AI-related scams via Google Calendar

Whose calendar is it, anyway? A cautionary tale

A while ago I noticed an odd "Paypal to BTC" calendar item that I didn't recognise, so I clicked on it and saw this.

"Interesting," I thought, "where on Earth did this come from?" You'll notice that only my identity is listed, as whoever created it has concealed their own identity by withholding the full guest list.

Intrigued, I clicked on the edit button to get a full view, and found this.

I don't know about you, but I very much doubt the fundacjawidzialnedzieki.org domain exists, let alone represents any kind of legitimate organisation. Further investigation revealed several similar entries scattered around my calendar, some containing specific instructions to transfer funds. An AI, however, might not "understand" (I use apostrophes because thinking and understanding are beyond the capabilities of the current chatbots) that this indicates a scam.

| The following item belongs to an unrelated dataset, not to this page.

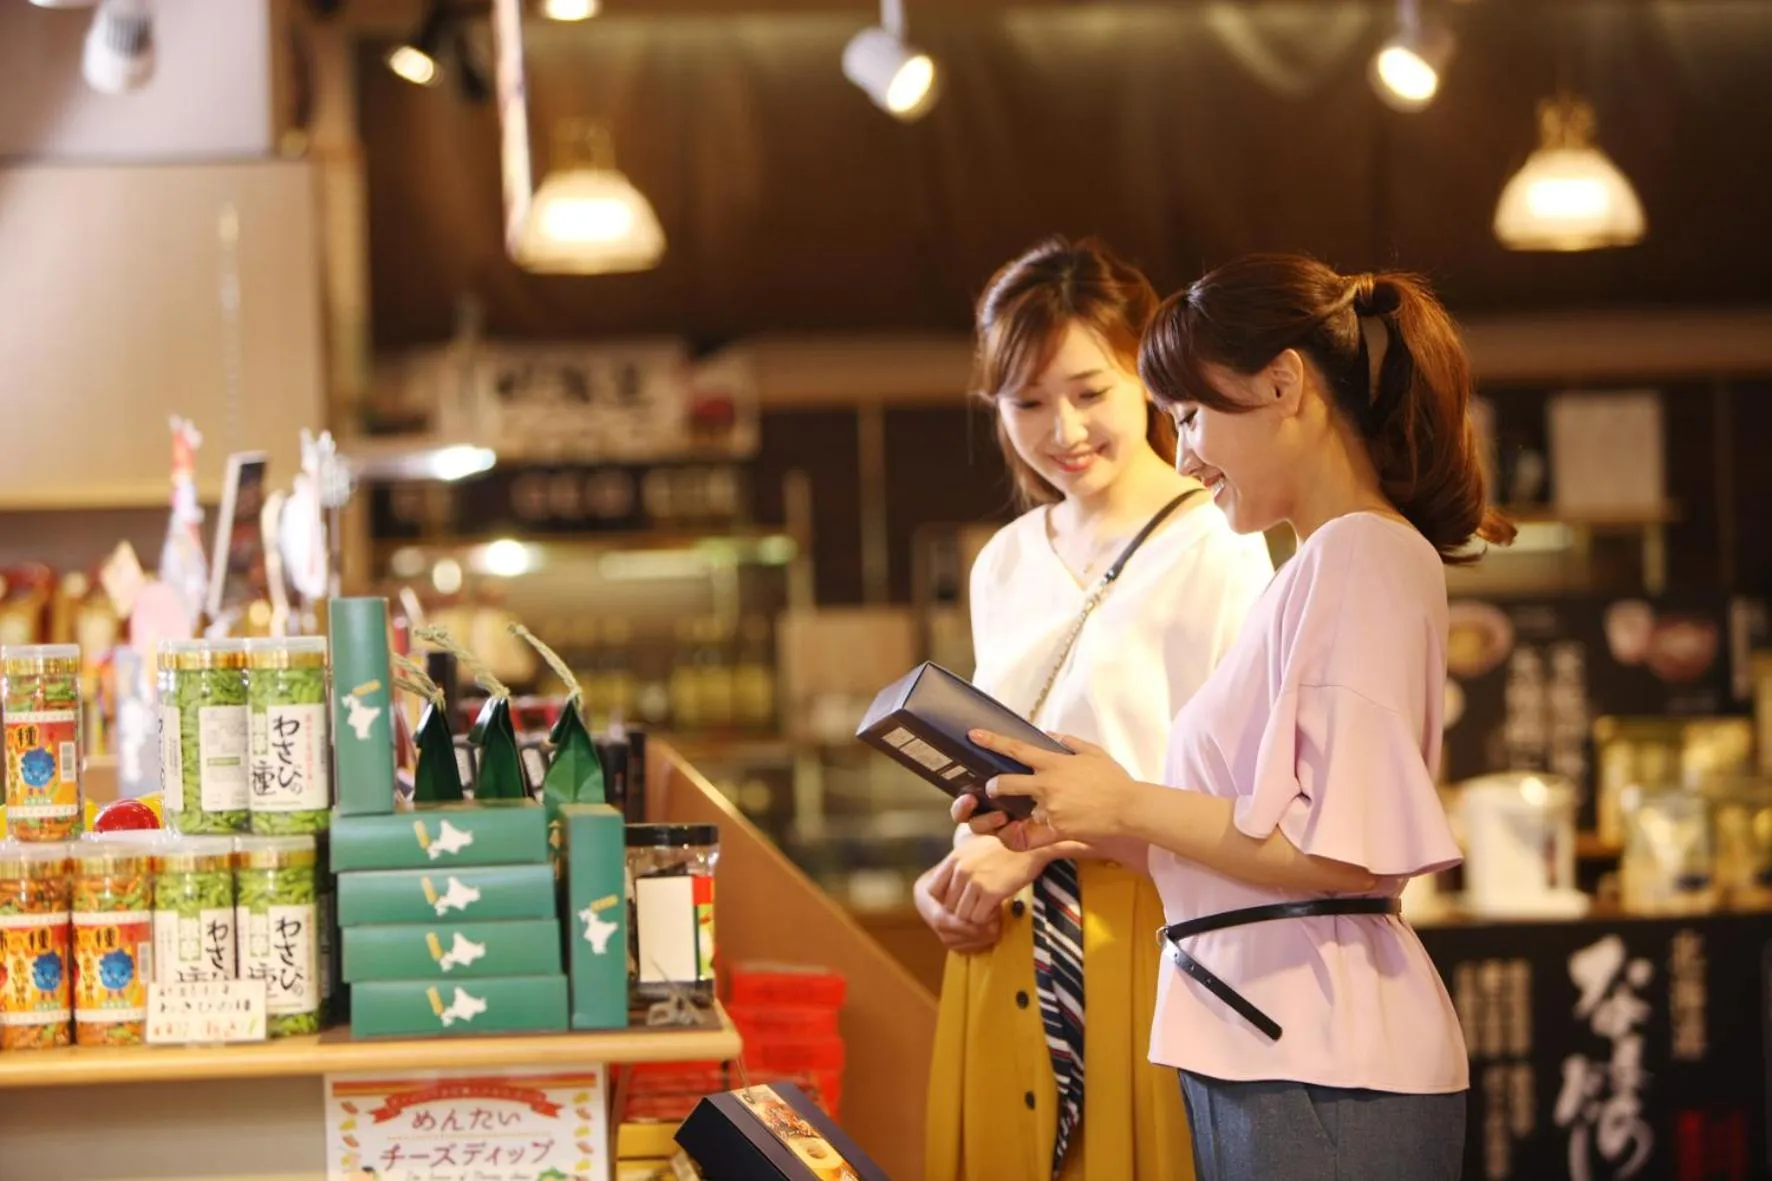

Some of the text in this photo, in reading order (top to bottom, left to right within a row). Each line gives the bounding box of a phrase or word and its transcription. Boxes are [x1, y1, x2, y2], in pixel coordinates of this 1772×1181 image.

[411, 1107, 521, 1132] めんたい
[379, 1139, 555, 1171] チーズディップ
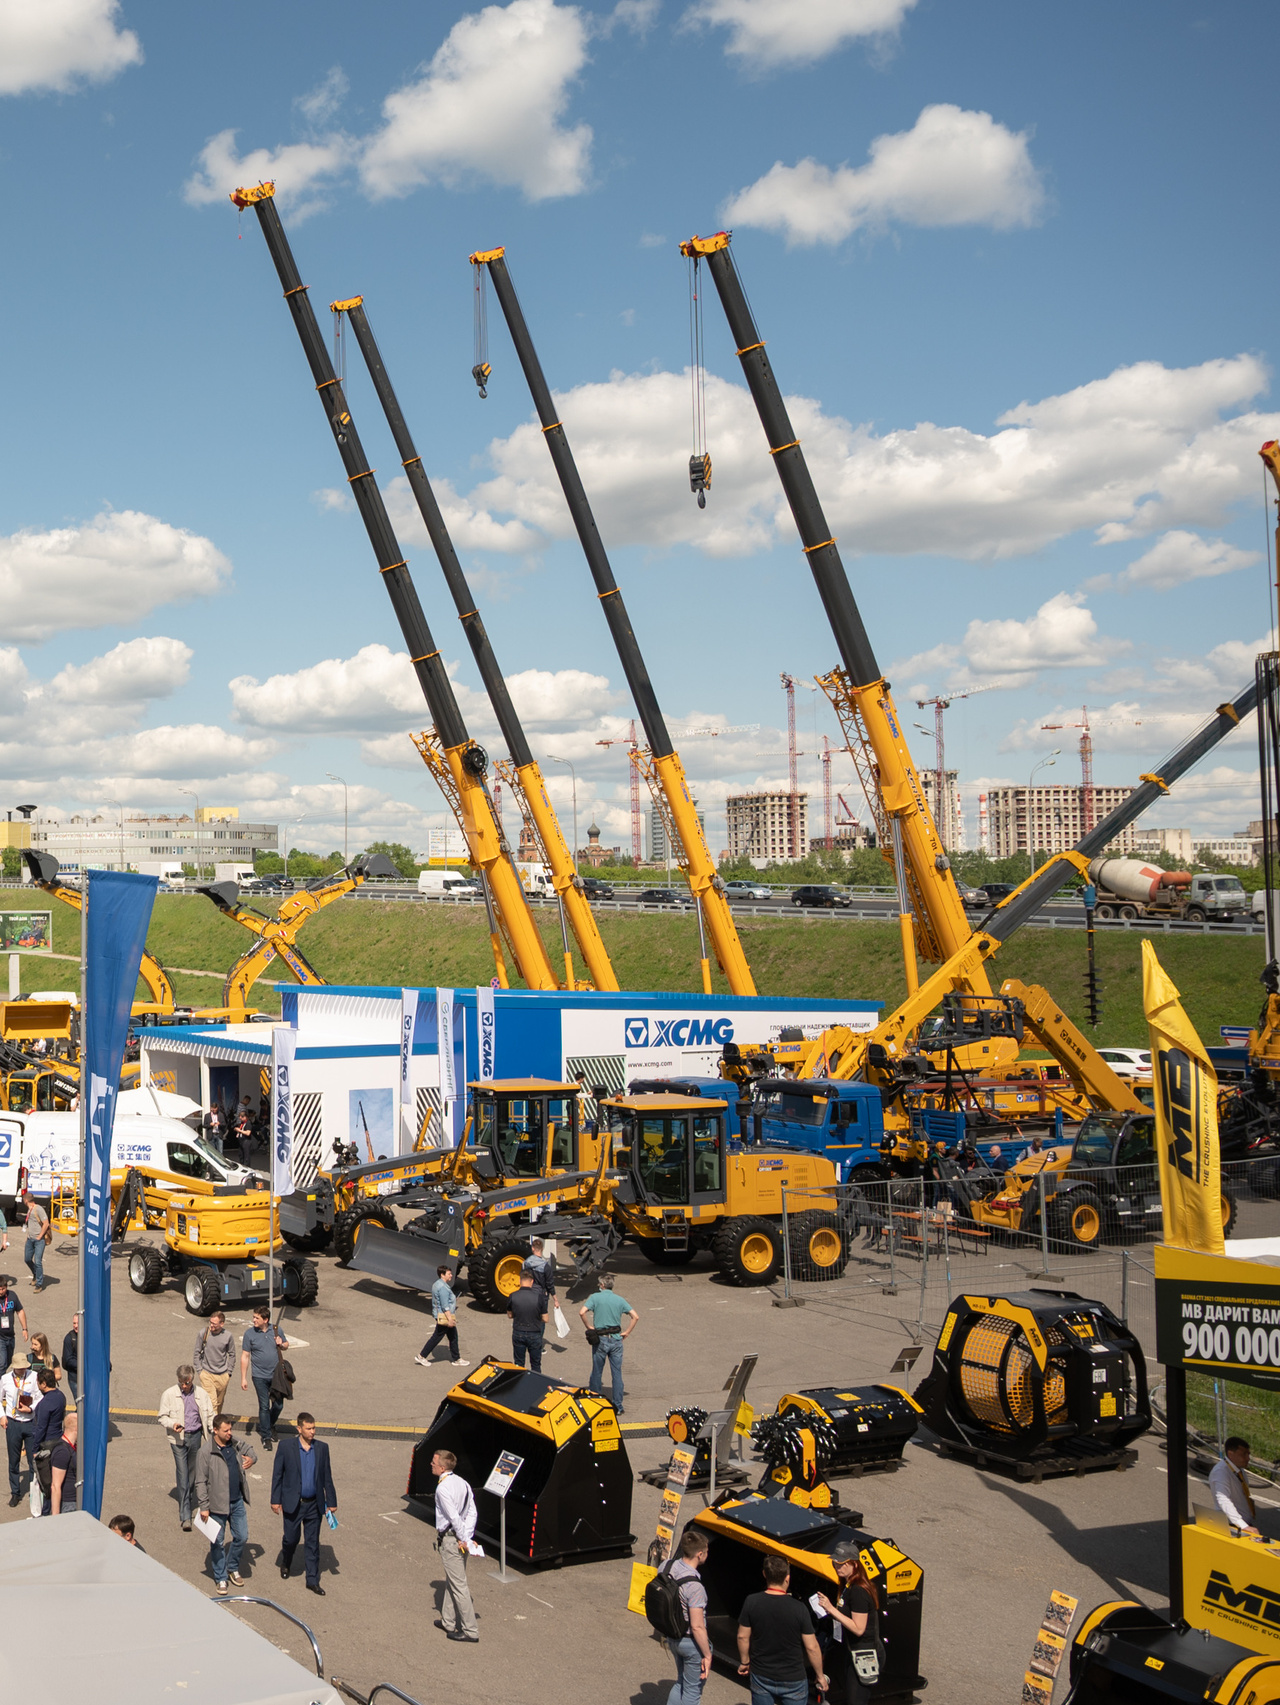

Being the cautious techie that I am I have not and do not intend to use automation to take unsupervised actions as a result of unsolicited input from Internet randos. To me, therefore, this represents a nuisance rather than a threat. As you will imagine, I have cleaned up my calendar and closed the loophole that allowed those events on to my calendar—see "Protecting yourself" below.

I can well imagine, however, that less conservative business people will be thrilled to avail themselves of the advantages of technology that helps them to set up appointments and keep on top of regular tasks, including settlement of outstanding accounts. Until their ever-helpful digital robot acts on an instruction injected by a third party in a similar manner to this. Who will be responsible for those losses?

Protecting yourself

It can happen to you. Check that arbitrary senders can't add events to your calendars by opening the calendar, bringing up the settings, then under "Events" make sure that the "Add invitations to my calendar" selector is set to "When I respond to the invitation in email."

This Google support page says it's not a new issue—in  fact the issue is so old the solutions refer to a setting that's no longer available). Here's what my settings page looked like.

The process is fully documented in this support page.

Further thoughts

A current search implies it's still an issue.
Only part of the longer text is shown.